**What needs to be done**
Here the job is to transcribe the data exactly while omitting the images.

□ □ □ □ □ □ □

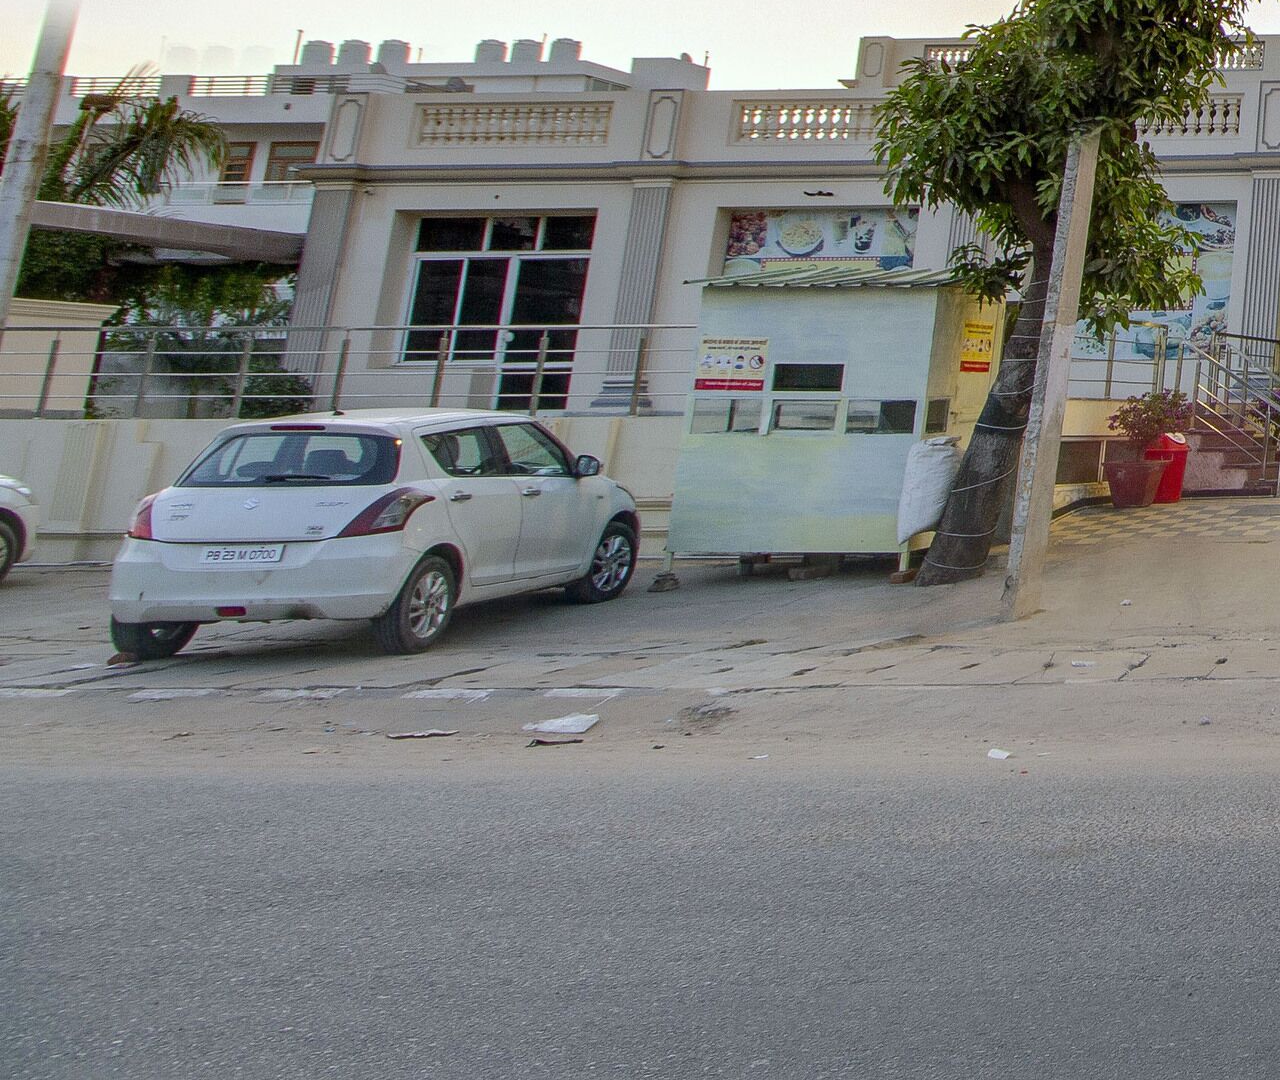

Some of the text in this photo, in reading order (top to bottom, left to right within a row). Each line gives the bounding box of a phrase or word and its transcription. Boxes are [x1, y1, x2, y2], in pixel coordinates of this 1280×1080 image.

[206, 549, 275, 560] PB 23 M 0700
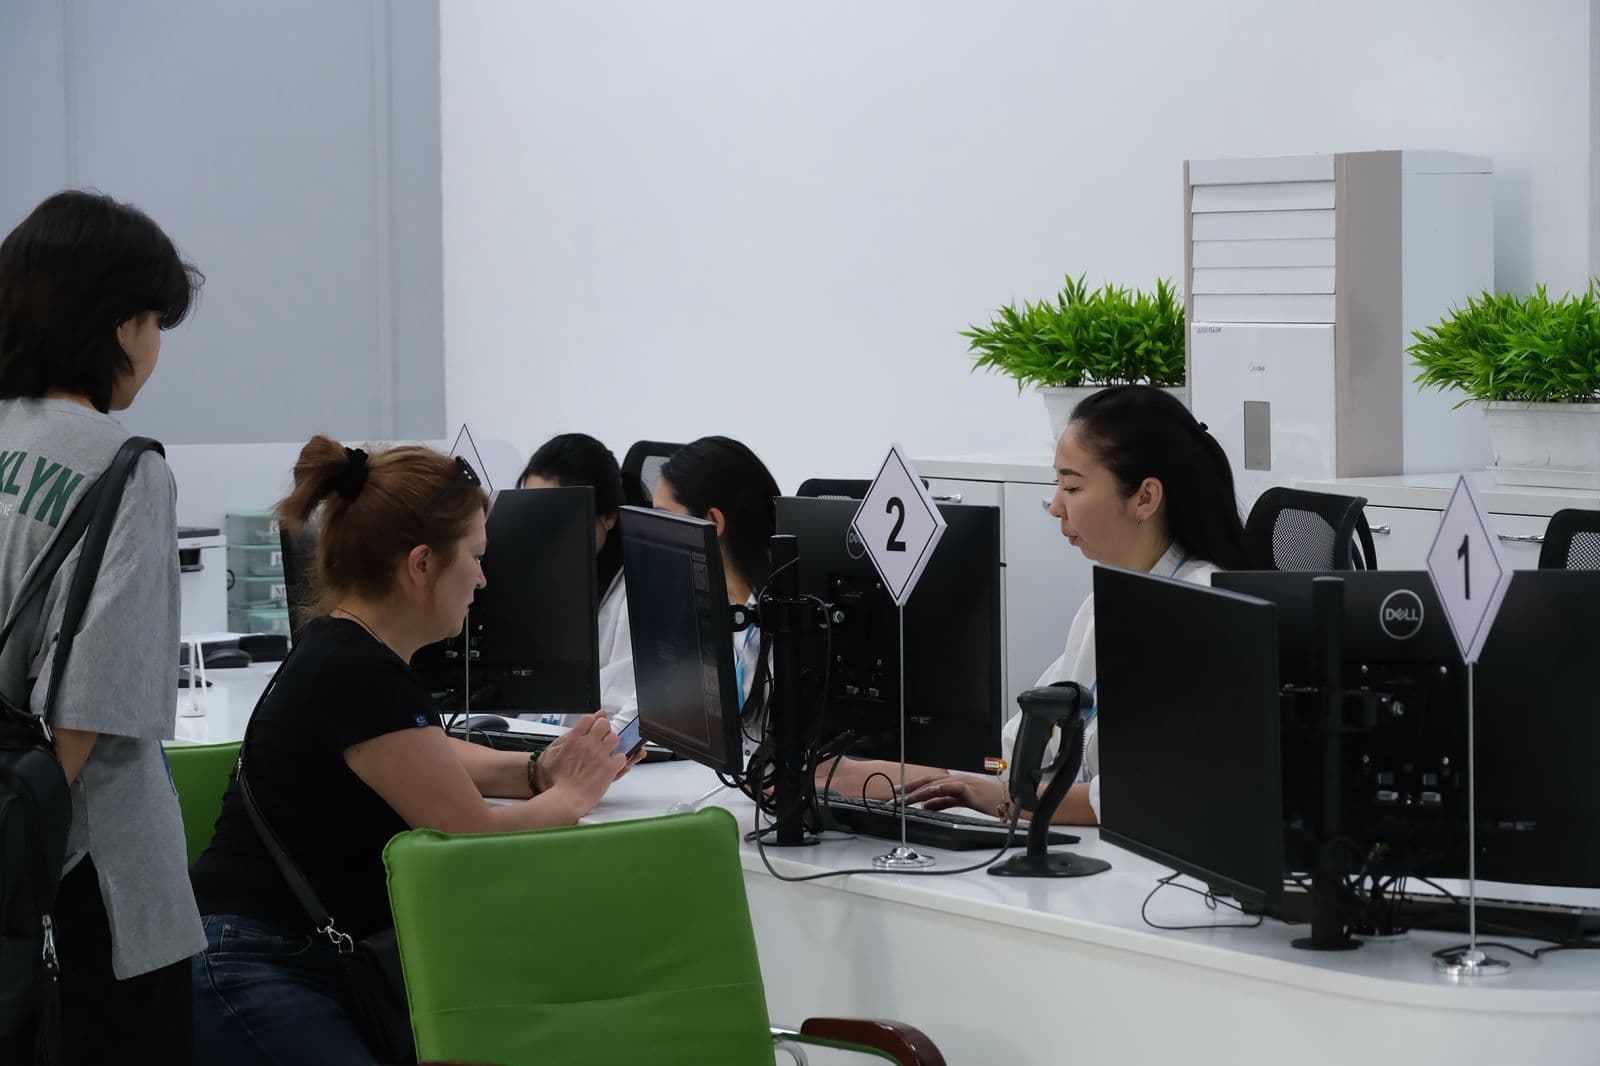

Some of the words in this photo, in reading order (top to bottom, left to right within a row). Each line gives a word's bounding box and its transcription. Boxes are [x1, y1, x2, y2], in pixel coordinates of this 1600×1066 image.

[886, 496, 906, 552] 2
[1457, 534, 1471, 600] 1
[1385, 607, 1419, 621] DELL
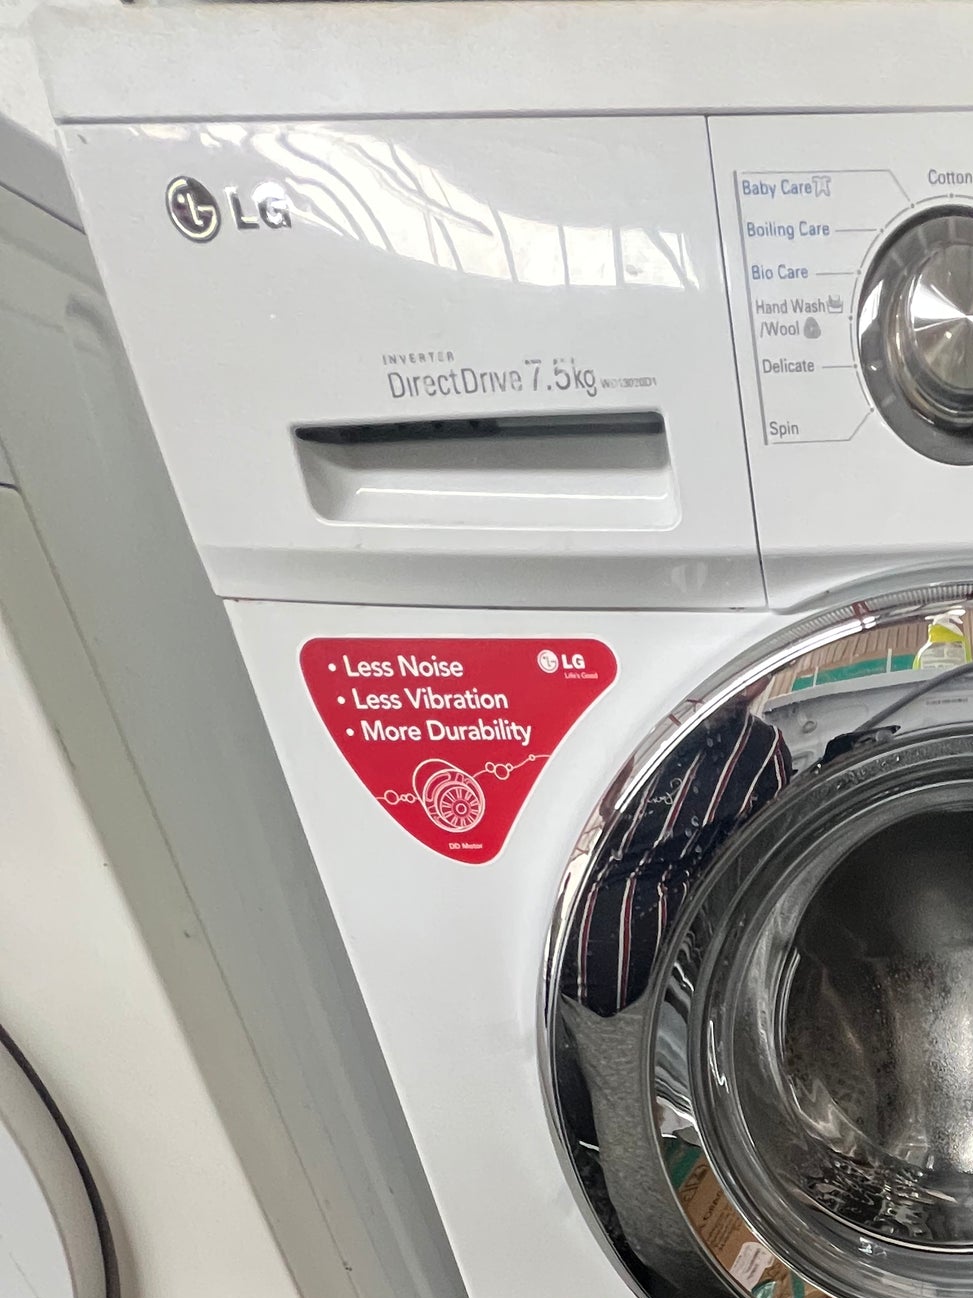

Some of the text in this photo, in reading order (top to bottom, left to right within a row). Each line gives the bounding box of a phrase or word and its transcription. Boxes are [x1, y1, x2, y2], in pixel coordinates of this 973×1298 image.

[928, 169, 973, 185] Cotton
[742, 180, 812, 198] Baby Care
[224, 184, 293, 231] LG
[746, 222, 830, 240] Boiling Care
[751, 265, 809, 280] Bio Care
[755, 299, 825, 315] Hand Wash
[760, 321, 800, 338] /Wool
[382, 351, 455, 366] INVERTER
[762, 359, 815, 374] Delicate
[524, 358, 598, 398] 7.5kg
[769, 421, 799, 438] Spin
[342, 655, 464, 677] Less Noise
[561, 654, 586, 669] LG
[351, 687, 509, 710] Less Vibration
[360, 718, 532, 746] More Durability
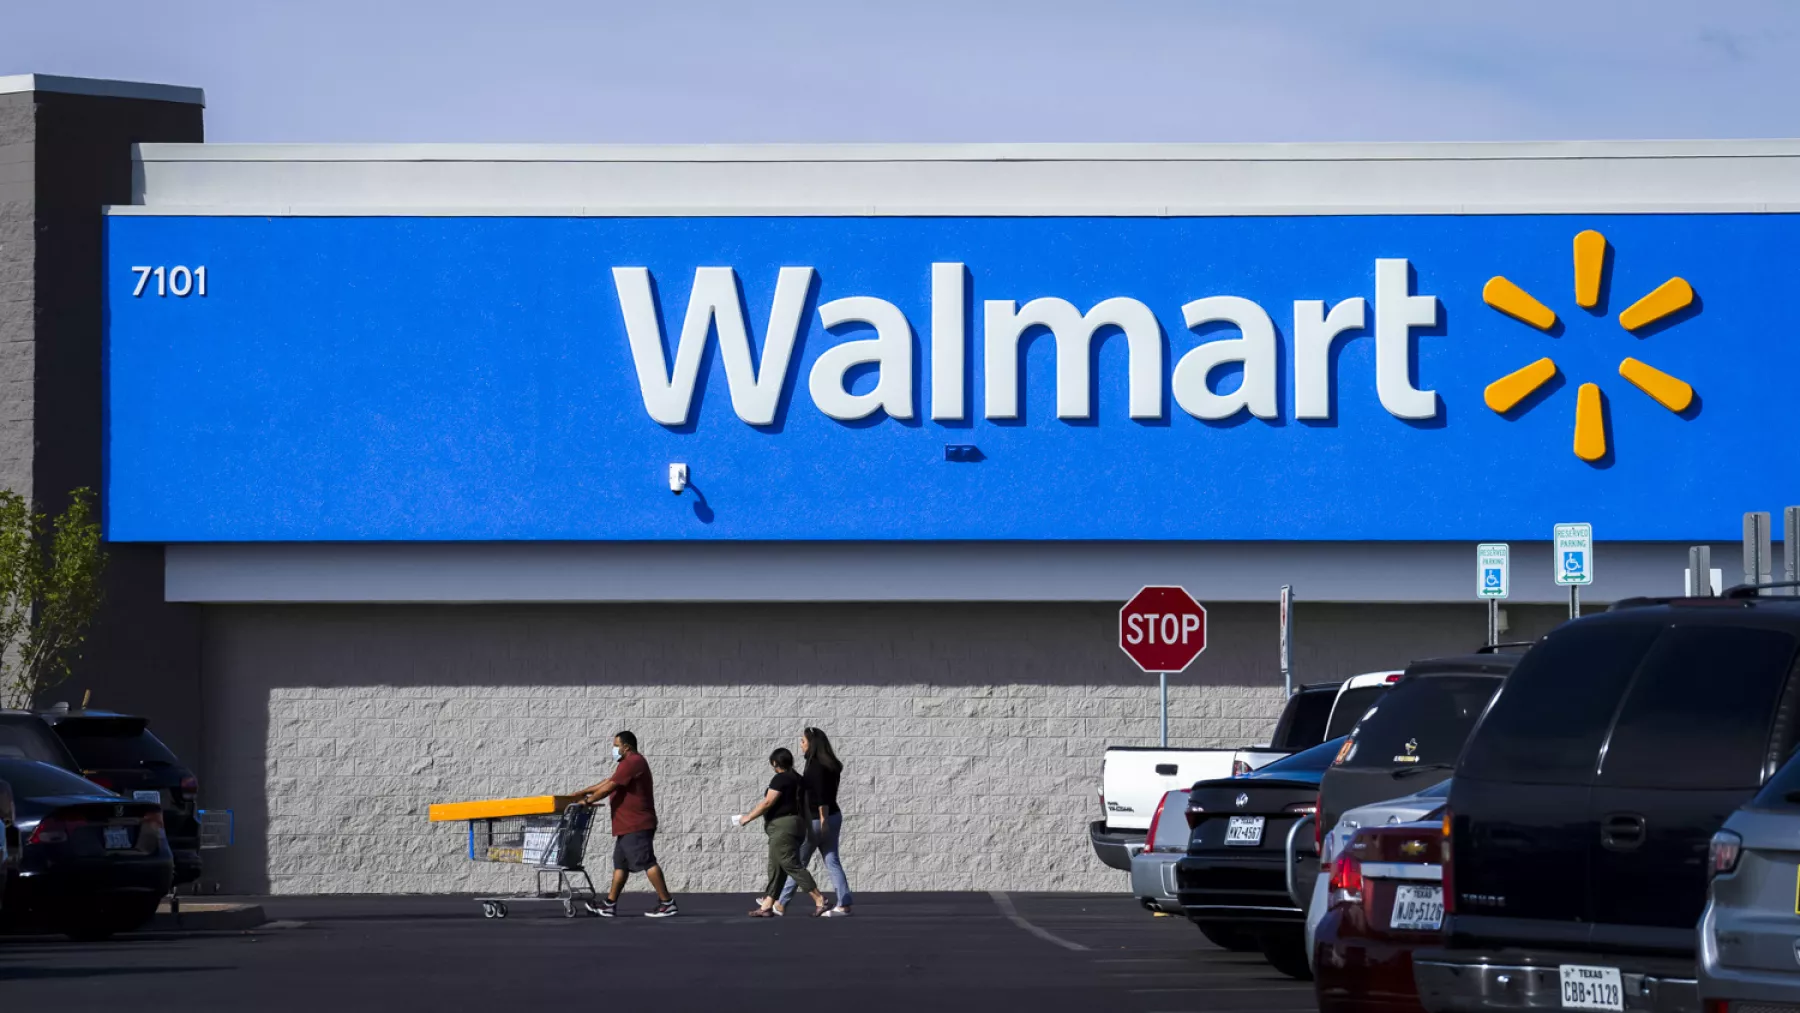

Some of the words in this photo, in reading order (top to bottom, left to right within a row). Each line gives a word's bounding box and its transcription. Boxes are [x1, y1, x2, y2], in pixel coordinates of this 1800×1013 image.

[131, 265, 205, 296] 7101
[612, 258, 1437, 426] Walmart
[1557, 529, 1588, 537] RESERVED
[1560, 540, 1586, 548] PARKING
[1480, 549, 1506, 557] RESERVED
[1126, 613, 1200, 645] STOP
[1413, 889, 1433, 899] TEXAS
[1578, 969, 1603, 979] TEXAS

□ □ □ □ □ □ □

**Result for this exercise**
Some of the text in this photo, in reading order (top to bottom, left to right within a row). Each line gives the bounding box of a phrase or word and its transcription. Boxes are [x1, y1, x2, y2], in pixel coordinates of this 1280×1080 image.

[206, 549, 275, 560] PB 23 M 0700

Some of the words in this photo, in reading order (top to bottom, left to right within a row). Each line gives a word's bounding box and its transcription. Boxes are [x1, y1, x2, y2], in pixel coordinates of this 1600×1066 image.

[886, 496, 906, 552] 2
[1457, 534, 1471, 600] 1
[1385, 607, 1419, 621] DELL

Some of the text in this photo, in reading order (top to bottom, left to right within a row). Each line gives the bounding box of a phrase or word and its transcription. Boxes are [x1, y1, x2, y2], in pixel coordinates of this 973×1298 image.

[928, 169, 973, 185] Cotton
[742, 180, 812, 198] Baby Care
[224, 184, 293, 231] LG
[746, 222, 830, 240] Boiling Care
[751, 265, 809, 280] Bio Care
[755, 299, 825, 315] Hand Wash
[760, 321, 800, 338] /Wool
[382, 351, 455, 366] INVERTER
[762, 359, 815, 374] Delicate
[524, 358, 598, 398] 7.5kg
[769, 421, 799, 438] Spin
[342, 655, 464, 677] Less Noise
[561, 654, 586, 669] LG
[351, 687, 509, 710] Less Vibration
[360, 718, 532, 746] More Durability

Some of the words in this photo, in reading order (top to bottom, left to right within a row). Each line gives a word's bounding box and its transcription. Boxes are [x1, y1, x2, y2], in pixel coordinates of this 1800×1013 image.

[131, 265, 205, 296] 7101
[612, 258, 1437, 426] Walmart
[1557, 529, 1588, 537] RESERVED
[1560, 540, 1586, 548] PARKING
[1480, 549, 1506, 557] RESERVED
[1126, 613, 1200, 645] STOP
[1413, 889, 1433, 899] TEXAS
[1578, 969, 1603, 979] TEXAS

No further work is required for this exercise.